Sarah Green who is a spokesperson for the coalition stated, “Our heartfelt congratulations to a worthy winner Robin Thicke for both his concerted sexist efforts, and in the end the platform he created for rejection of the use of women as objects to promote mediocre pop. Sexism might be de rigeur for some music industry ‘creatives’ but the times they are a-changin’.”
Thicke released two versions of the Blurred Lines video. One was a more x-rated take which featured topless dancers. Although the song and video were both smash hits, many women’s groups and feminists around the world felt that they were prime examples of misogyny.
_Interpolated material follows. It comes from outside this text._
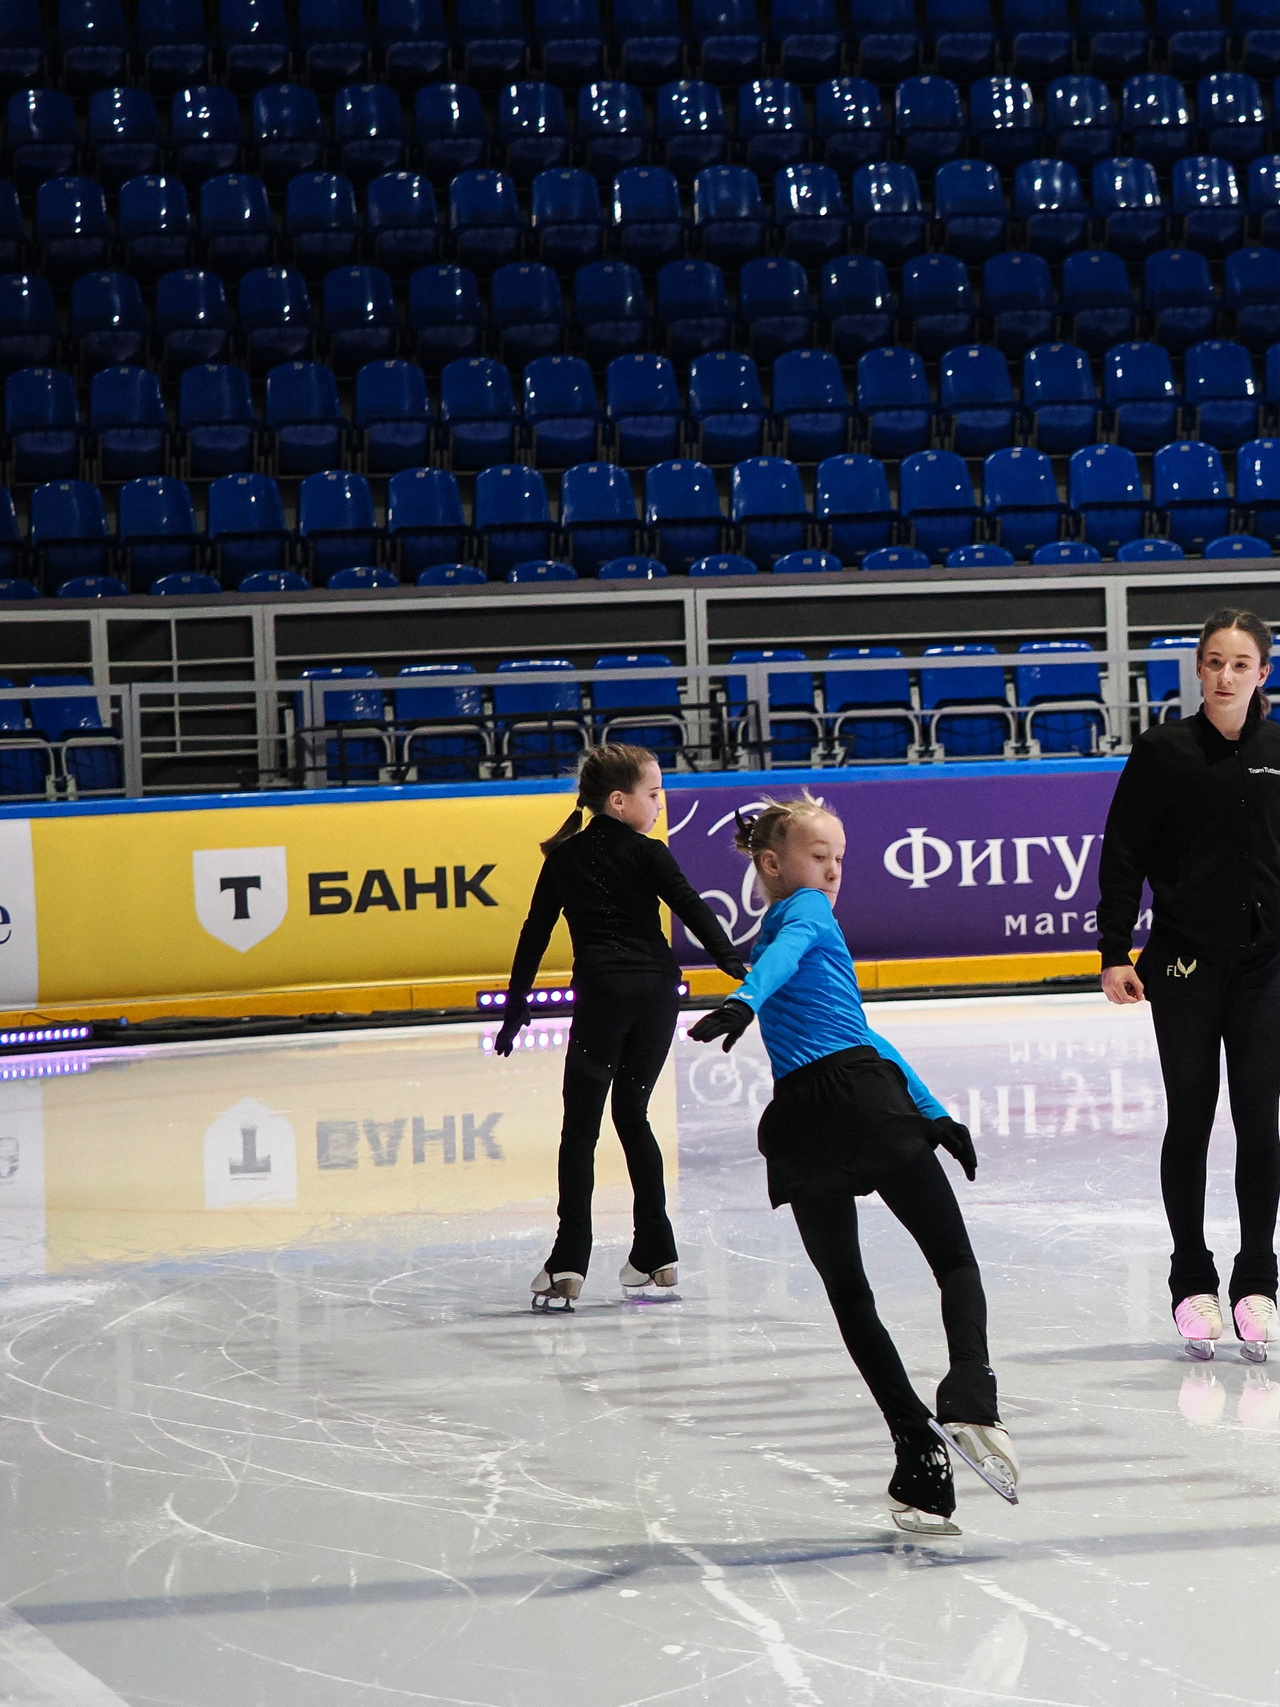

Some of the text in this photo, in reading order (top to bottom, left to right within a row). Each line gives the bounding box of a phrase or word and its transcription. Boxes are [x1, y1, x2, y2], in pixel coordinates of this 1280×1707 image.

[308, 864, 499, 916] БАНК
[883, 827, 1104, 901] Фигу
[1004, 908, 1154, 937] магаи
Bertie Brandes from vice.com wrote, “That the video would be interpreted as an offence against women should be obvious to anyone who’s ever met a woman, because feminism is about equality, and watching naked girls dance awkwardly around fully-dressed predatory men while they sing “do it like it hurt” is an incredibly obvious visual imbalance.”
The lyrics to the song have also been criticized for promoting rape, “OK now he was close, tried to domesticate you, but you’re an animal, baby, it’s in your nature, just let me liberate you” and “I feel so lucky … You wanna hug me … What rhymes with hug me?”
— Who Needs Vowels (@DNLDWKM) March 25, 2014
And what does Thicke “win” for being voted sexist of the year? The coalition claimed it would send him a voucher to download the song Respect by Aretha Franklin. In case you’re wondering, Britain’s Prime Minister, David Cameron, was runner up for the second year in a row.
It’s certainly been an up and down year for Thicke. Blurred Lines was a top Billboard hit in 2013 and was one of the best-selling digital downloads of all time. Although Thicke has made six albums in his career, before Blurred Lines, he never really crossed over from the R&B audience to the mainstream. However, despite his career success, he and his wife Paula Patton separated after nine years of marriage after allegations of his infidelity surfaced.